▶ _How to complete this task_
Reproduce the records starting at the line that contains "this 1536×2048 image." and running to the last line, exactly and in full.

▶ _Input data_
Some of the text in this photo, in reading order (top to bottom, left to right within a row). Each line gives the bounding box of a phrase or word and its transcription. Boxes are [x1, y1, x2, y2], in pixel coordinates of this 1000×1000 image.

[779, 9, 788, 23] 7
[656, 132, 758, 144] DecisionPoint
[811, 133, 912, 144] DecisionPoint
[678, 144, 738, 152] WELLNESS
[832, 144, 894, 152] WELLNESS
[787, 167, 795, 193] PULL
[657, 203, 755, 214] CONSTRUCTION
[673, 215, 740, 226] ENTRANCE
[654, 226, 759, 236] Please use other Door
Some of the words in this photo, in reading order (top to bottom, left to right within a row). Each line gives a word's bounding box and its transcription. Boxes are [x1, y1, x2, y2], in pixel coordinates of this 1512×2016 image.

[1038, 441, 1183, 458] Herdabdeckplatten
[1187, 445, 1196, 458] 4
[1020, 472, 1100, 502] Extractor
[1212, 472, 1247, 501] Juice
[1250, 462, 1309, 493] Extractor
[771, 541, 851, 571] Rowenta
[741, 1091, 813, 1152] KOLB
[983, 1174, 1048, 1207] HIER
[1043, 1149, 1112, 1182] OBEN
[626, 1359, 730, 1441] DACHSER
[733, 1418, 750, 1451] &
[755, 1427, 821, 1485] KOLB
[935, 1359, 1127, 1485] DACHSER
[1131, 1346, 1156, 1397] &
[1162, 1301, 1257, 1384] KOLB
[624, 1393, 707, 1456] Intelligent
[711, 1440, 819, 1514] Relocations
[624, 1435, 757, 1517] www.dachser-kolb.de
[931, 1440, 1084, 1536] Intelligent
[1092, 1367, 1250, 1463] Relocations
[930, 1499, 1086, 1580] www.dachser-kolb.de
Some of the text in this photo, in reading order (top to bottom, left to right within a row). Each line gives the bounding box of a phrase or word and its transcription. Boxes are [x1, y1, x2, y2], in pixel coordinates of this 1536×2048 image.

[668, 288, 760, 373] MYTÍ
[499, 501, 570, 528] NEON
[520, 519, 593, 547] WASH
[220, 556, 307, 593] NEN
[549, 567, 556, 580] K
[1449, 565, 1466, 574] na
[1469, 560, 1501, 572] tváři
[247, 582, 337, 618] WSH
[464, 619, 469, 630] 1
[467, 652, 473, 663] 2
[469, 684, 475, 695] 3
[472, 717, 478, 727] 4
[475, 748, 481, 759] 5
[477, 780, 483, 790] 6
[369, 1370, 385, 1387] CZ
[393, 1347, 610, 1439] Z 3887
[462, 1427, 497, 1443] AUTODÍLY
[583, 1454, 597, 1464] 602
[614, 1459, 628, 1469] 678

▶ _Answer_
Some of the text in this photo, in reading order (top to bottom, left to right within a row). Each line gives the bounding box of a phrase or word and its transcription. Boxes are [x1, y1, x2, y2], in pixel coordinates of this 1536×2048 image.

[668, 288, 760, 373] MYTÍ
[499, 501, 570, 528] NEON
[520, 519, 593, 547] WASH
[220, 556, 307, 593] NEN
[549, 567, 556, 580] K
[1449, 565, 1466, 574] na
[1469, 560, 1501, 572] tváři
[247, 582, 337, 618] WSH
[464, 619, 469, 630] 1
[467, 652, 473, 663] 2
[469, 684, 475, 695] 3
[472, 717, 478, 727] 4
[475, 748, 481, 759] 5
[477, 780, 483, 790] 6
[369, 1370, 385, 1387] CZ
[393, 1347, 610, 1439] Z 3887
[462, 1427, 497, 1443] AUTODÍLY
[583, 1454, 597, 1464] 602
[614, 1459, 628, 1469] 678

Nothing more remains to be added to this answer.